The Partners Against Mortality in Epilepsy (PAME) conference is a biannual event that aims to tackle deaths including Sudden Unexpected Death in Epilepsy (SUDEP).

This year, SUDEP Action Chief Executive Jane Hanna OBE, Deputy Chief Executive Karen Osland, and International Research Officer Rosey Panelli were sponsored to take part in the three day event which took place in Washington, USA. 

The 2016 meeting goal at PAME was to increase the sense of urgency and accelerate action around an overlooked and underfunded public health issue – Sudden Unexpected Death in Epilepsy and other causes of mortality in epilepsy. 

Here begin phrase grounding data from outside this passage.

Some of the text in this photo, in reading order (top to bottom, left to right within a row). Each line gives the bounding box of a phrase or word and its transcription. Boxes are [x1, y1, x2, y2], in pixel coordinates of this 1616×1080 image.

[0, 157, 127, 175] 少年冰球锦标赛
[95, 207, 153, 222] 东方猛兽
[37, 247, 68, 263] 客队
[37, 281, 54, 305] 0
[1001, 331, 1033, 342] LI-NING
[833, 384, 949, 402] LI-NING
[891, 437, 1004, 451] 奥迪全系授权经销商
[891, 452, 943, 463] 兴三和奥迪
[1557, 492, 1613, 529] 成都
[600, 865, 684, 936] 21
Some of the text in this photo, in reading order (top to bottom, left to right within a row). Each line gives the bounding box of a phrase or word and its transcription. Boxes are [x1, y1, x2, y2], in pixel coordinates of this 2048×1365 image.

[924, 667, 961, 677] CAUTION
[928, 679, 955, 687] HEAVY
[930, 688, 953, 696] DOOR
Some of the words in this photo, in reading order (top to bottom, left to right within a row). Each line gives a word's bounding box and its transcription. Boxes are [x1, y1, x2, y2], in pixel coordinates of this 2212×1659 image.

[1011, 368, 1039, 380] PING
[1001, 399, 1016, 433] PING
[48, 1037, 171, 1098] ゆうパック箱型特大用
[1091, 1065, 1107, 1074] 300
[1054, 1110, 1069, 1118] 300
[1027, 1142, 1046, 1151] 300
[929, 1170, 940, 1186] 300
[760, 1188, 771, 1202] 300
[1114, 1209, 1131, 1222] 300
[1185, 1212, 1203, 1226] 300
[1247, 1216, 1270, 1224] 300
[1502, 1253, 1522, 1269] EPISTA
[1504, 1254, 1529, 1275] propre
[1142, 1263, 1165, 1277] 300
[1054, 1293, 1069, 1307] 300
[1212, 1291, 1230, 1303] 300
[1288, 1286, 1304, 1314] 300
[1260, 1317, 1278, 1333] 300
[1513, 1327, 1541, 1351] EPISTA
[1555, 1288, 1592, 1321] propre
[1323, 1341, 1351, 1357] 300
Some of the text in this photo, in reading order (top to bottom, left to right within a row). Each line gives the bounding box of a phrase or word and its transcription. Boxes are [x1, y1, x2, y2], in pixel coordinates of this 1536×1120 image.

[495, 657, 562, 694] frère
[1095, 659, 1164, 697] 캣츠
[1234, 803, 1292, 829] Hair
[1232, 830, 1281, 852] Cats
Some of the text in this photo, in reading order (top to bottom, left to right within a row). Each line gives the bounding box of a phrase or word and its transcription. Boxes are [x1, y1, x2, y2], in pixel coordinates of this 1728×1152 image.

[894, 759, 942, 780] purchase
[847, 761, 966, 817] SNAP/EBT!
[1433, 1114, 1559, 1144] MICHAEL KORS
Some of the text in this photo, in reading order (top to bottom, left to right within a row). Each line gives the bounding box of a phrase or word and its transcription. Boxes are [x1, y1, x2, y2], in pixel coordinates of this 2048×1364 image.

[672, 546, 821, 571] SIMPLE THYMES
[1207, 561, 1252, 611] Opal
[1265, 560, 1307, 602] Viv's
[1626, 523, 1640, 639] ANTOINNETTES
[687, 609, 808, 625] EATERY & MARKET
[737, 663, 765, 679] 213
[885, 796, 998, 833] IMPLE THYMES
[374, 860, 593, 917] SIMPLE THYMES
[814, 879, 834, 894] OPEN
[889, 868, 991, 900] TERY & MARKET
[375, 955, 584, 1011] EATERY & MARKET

Jane presented on disclosing and managing risk as part of prevention and she chaired a session on speeding up change.  
Working with partners at PAME is an important part of speeding up change to tackle mortality. It is only through global, as well as local working that this will happen. The 2016 event was full of energy and hope. Presentations revealed the dramatic rise in research papers in this field since around 2002.  Valuable lessons have also been learnt from the UK about use of guidelines. Risk information has been available since 2002 but our safety tools - EpSMon-self-monitor App; SUDEP and Seizure Safety Checklist and e-learning for GPs attracted great interest and featured in presentations about how we can speed up change”

SUDEP Action projects featured at the conference also included SUDEP-The Global Conversation; SUDEP Awareness Day; The Epilepsy Deaths Register and the SUDEP Action specialist service for supporting the journeys of all families affected by any epilepsy-related death.

Karen, Rosey and Professor Henry Smithson who provides research support for The Epilepsy Deaths Register, participated in a panel discussion on lessons learnt in grief and how to support families.  Henry led an open discussion session on communication of risk.

Karen said: “Since 2011 the American families have had an opportunity to connect with the work that is being done to tackle deaths and it was an honour for us to meet the families that attended. It was clear that bereaved families drove the cause in the US and have a huge contribution to make to progress.  The importance of families being told about specialist services that support their journey and involvement in prevention was a key theme at PAME as it is here in the UK “  

The conference brings together a diverse group of stakeholders including professionals (clinicians, basic science researchers and others), public health officials, people with epilepsy and bereaved families. 
The write up from the conference and slides from the presentations will be publically available in due course.